Since the advent and immense popularity of bike-hire schemes in cities across the world – from Chicago to London – new initiatives to get city dwellers to engage more with the business of sharing keep on coming. In 2015 French entrepreneur Vincent Bolloré will be launching an electric car-sharing scheme in London, based on his Parisian Autolib’ prototype. It will allow drivers to book a car using their mobile phones and smart cards for short periods of time from £5 for half an hour.

Car sharing is a growth business – the number of people involved increased by 50% worldwide in 2013, with the US and Germany the forefront in terms of the number of car-sharing club members. But similar businesses are being set up all over the world – including in China and Malaysia, suggesting huge growth potential.

It is likely to be the companies that can tailor their offerings to the needs of city inhabitants who will be the winners in this new market. Convenience of access and ease of use and location will be paramount. It’s not just transport that suits the sharing economy.
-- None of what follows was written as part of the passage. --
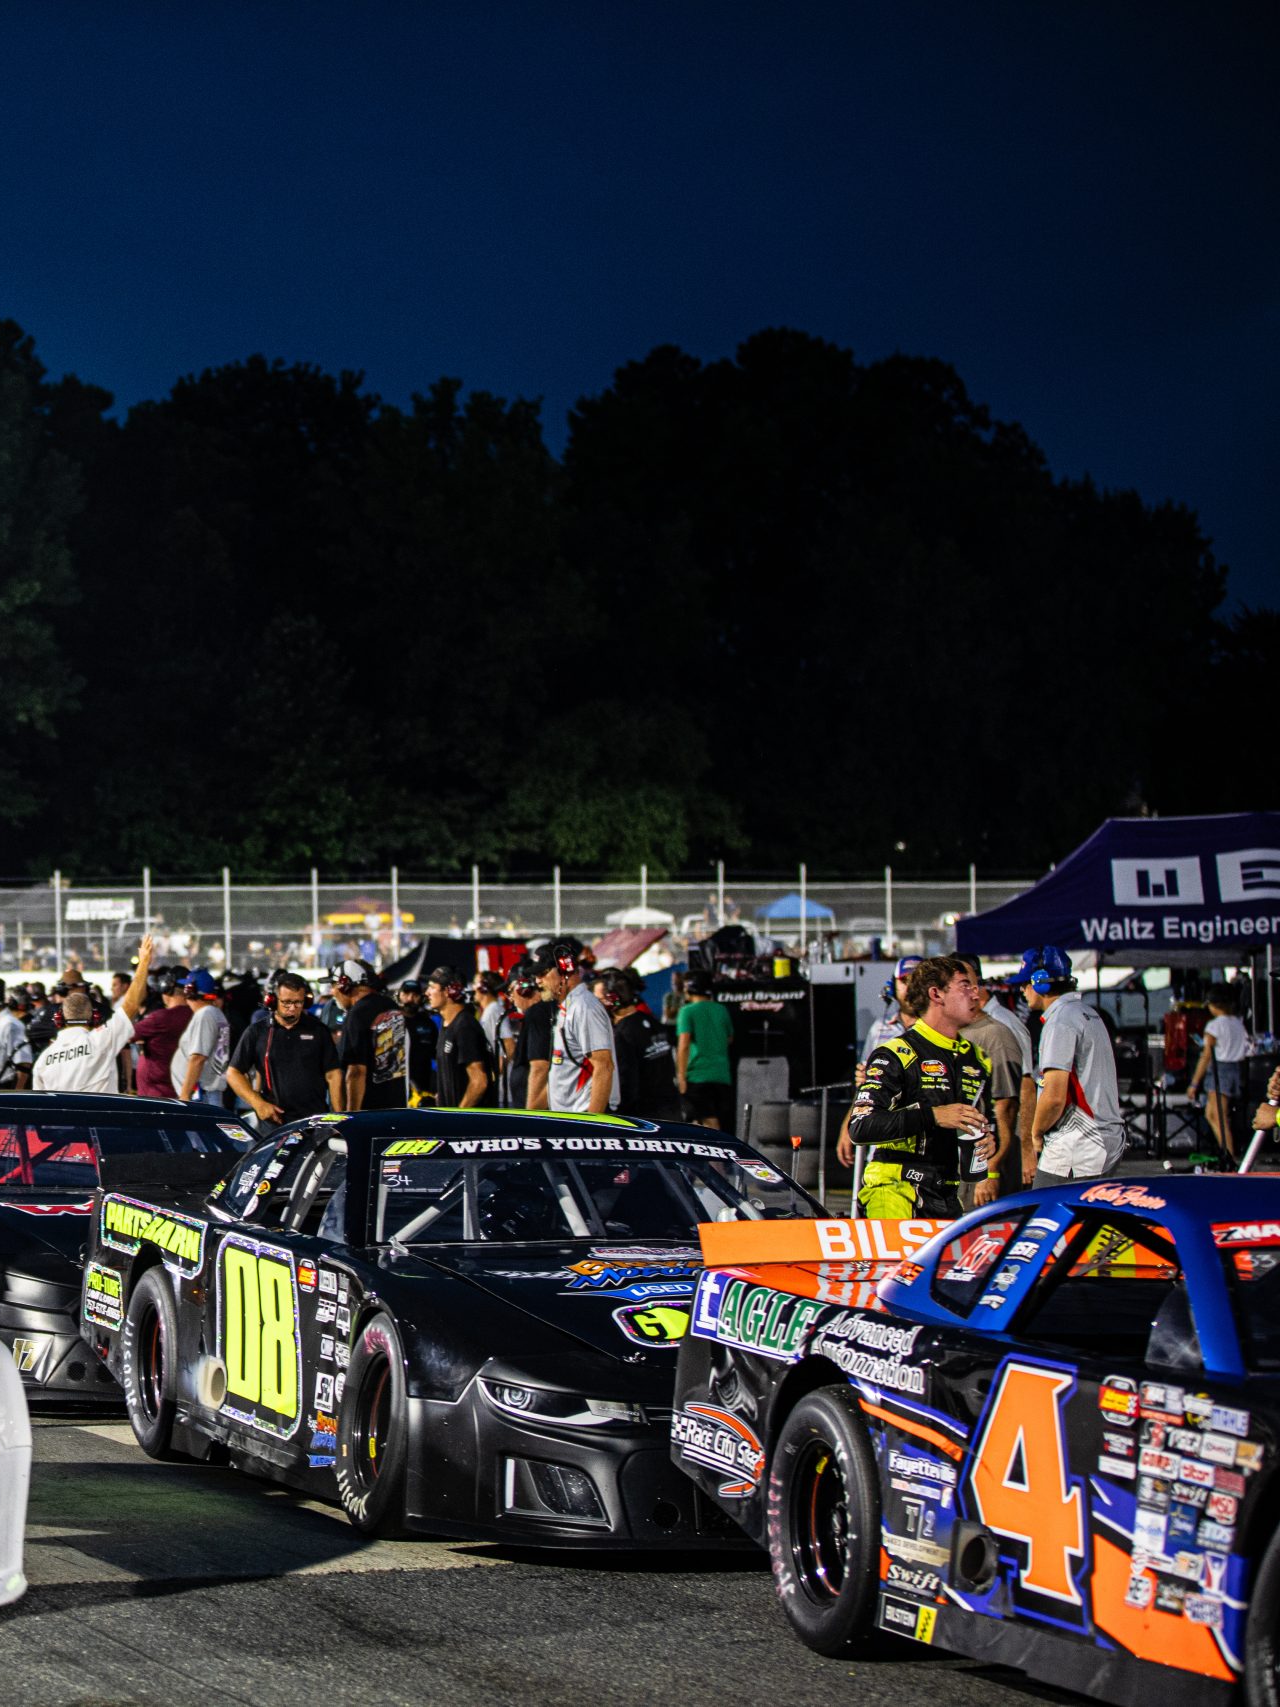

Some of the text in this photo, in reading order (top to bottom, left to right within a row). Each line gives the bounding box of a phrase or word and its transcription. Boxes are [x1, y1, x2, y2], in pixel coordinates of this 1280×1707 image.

Fashion is another product category, increasingly being used for sharing with websites like Girl Meets Dress and Fashion Hire giving people access to designer dresses and handbags they can’t afford to own outright.

An important element of this market is that it is open to consumers as well as businesses to engage in. So, if anyone has something to share then they may be able to make some money out of it by simply plugging into these ready-made platforms. Airbnb, where travellers rent private accommodation, is an example of businesses and the owners of accommodation benefiting. Airbnb takes a cut of the rent that customers pay owners of rooms and homes around the world at reasonable prices.

Similarly allows owners of parking spaces around the UK to rent them out to travellers needing a safe place to park in congested cities and of course Uber has offered car owners the opportunity to become taxi drivers. The space is still wide open for businesses and consumers alike – and with the promise of greater access, at lower cost to the consumer and less strain on the planet’s natural resources, it does sound like a triple-win. So if you’ve got it, why not share it.